The term was coined by real estate advisers at a time when central London take-up was dominated by financial services, and TMT was a relative fringe player.

Under the ubiquitous TMT moniker, some include everything from tech giants Google or Microsoft to fast-growing tech startups, graphic design companies, PR consultancies, media buyers, advertising agencies, marketing professionals… the list goes on.

It is not so much grouping apples and oranges, as grouping half the fruit bowl under one heading.

At the risk of stating the obvious, companies across the TMT spectrum have vastly different requirements in terms of the space they want to occupy.

The stripped-back, quirky warehouse-type space that is often associated with TMT occupiers probably does not work for a mature telecommunications corporate, for example.

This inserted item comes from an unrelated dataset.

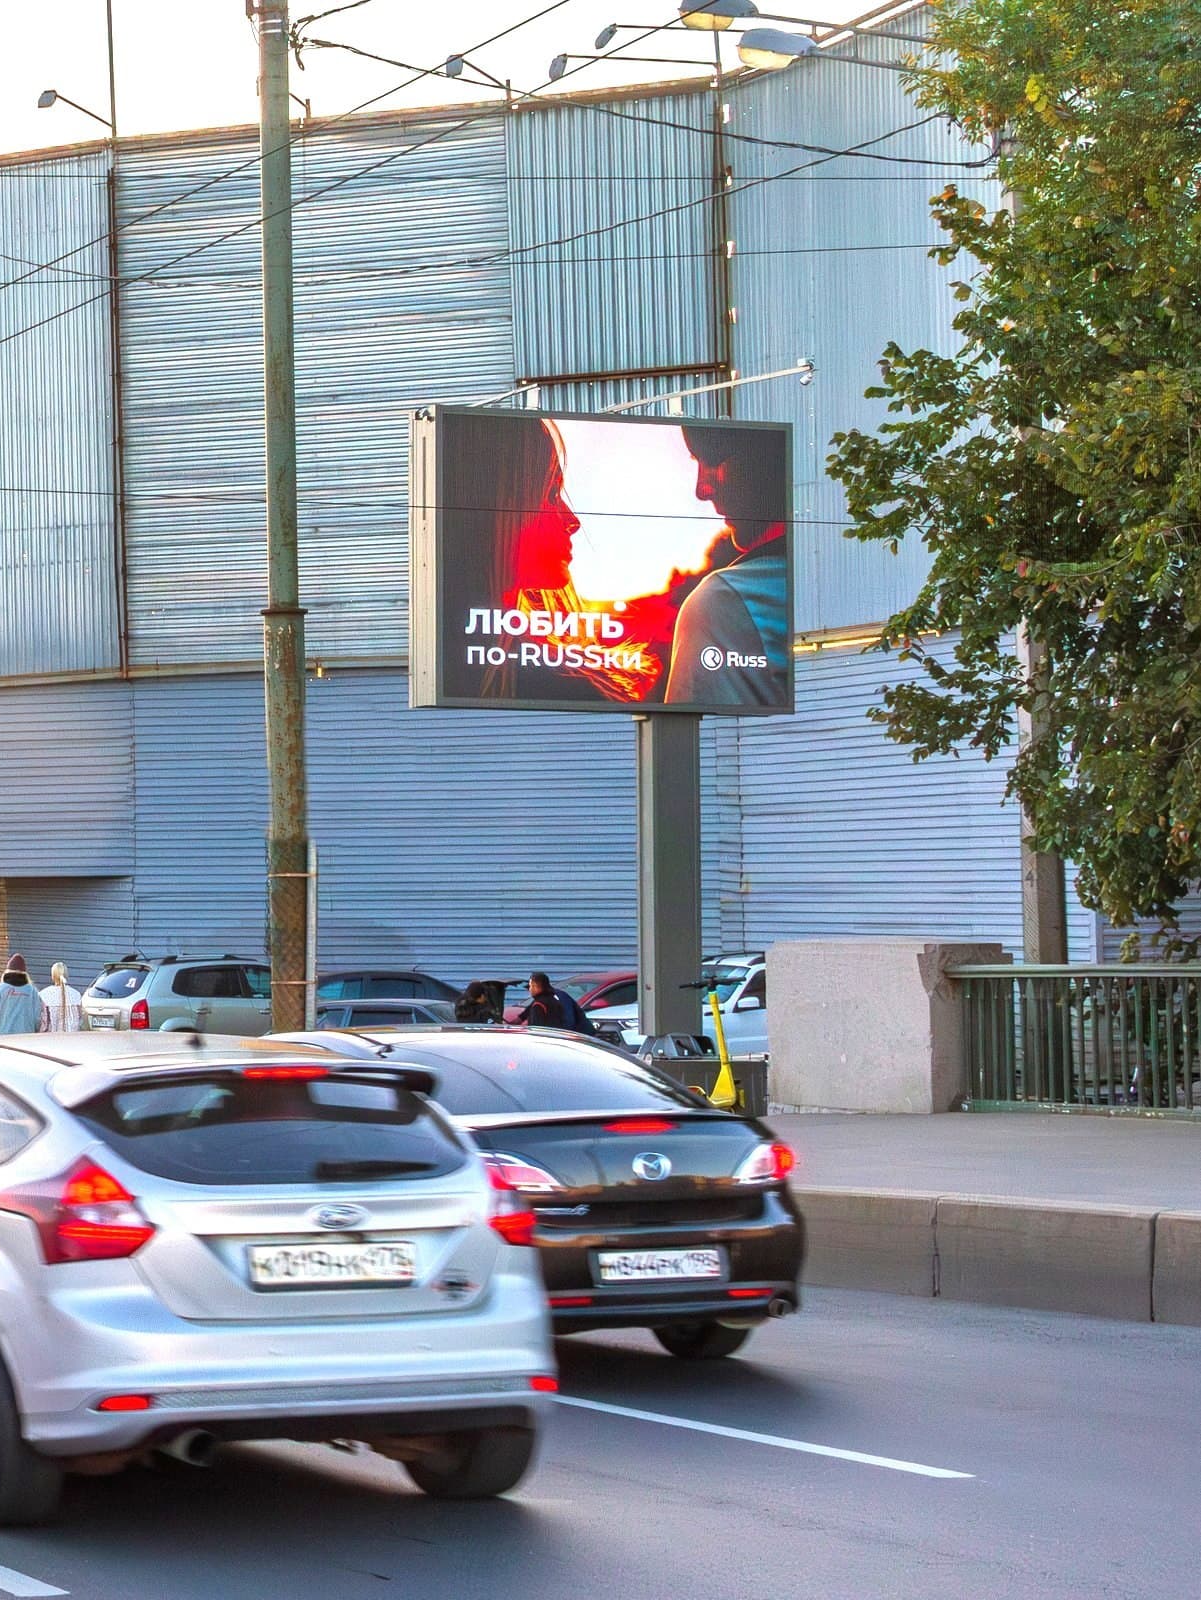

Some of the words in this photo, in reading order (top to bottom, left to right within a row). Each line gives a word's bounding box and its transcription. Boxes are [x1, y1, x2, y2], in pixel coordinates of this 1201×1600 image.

Similarly, a small but fast-growing advertising agency would find the rents and terms prohibitive at a new grade-A office building.

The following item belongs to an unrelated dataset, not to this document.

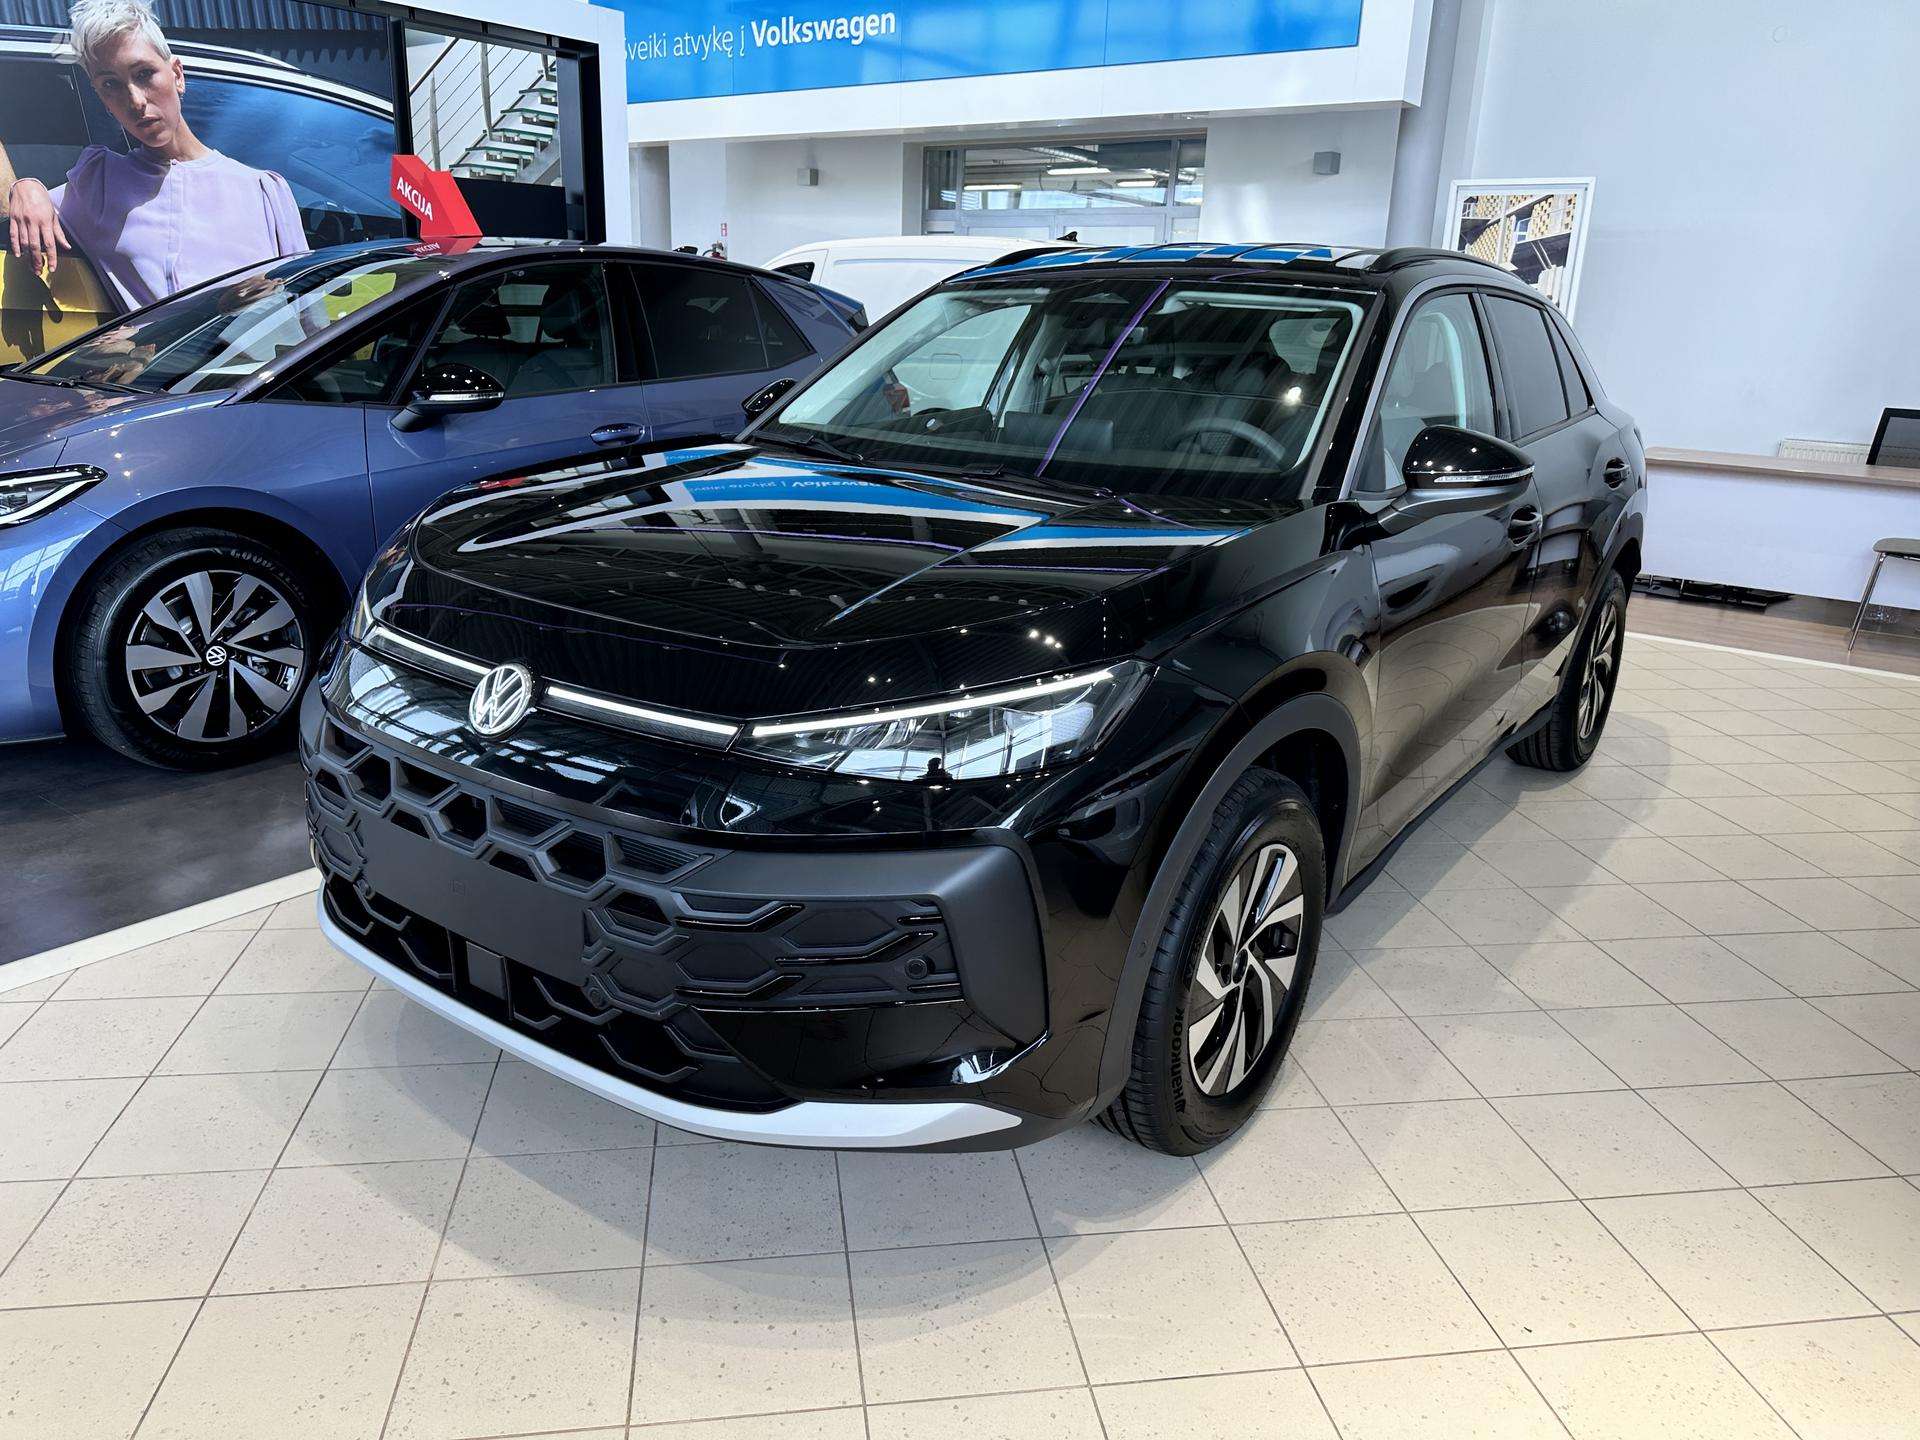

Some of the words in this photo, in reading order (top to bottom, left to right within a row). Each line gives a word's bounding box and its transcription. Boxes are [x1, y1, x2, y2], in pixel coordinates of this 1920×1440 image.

[673, 25, 733, 61] atvykę
[751, 12, 895, 47] Volkswagen
[396, 177, 433, 221] AKCIJA
[469, 663, 532, 736] VW

The creative industries continue to be the driving force in how London is evolving, in both where and the way that people work. We must find a new means of describing the sector that acknowledges the wide variety of companies we are talking about.

At Farebrother, we have discarded the term TMT in our analysis of Midtown and the South Bank and have instead coined ‘DAMIT’, recognising five sub-sectors: design; advertising, marketing and PR; media; internet; and telecommunications and technology.

Here is why. Taking the South Bank first, top-line analysis of office take-up over the past three years shows almost half - 46% - was let to TMT companies.

However, breaking this down into the DAMIT sub-sectors gives us a much more accurate picture. Media is the leading sector in terms of take-up, accounting for 19% over the period, buoyed of course by News UK moving into 1 London Bridge Street.

What is interesting to us is the clustering of media-related companies, with advertising, marketing and PR accounting for an additional 15% of take-up.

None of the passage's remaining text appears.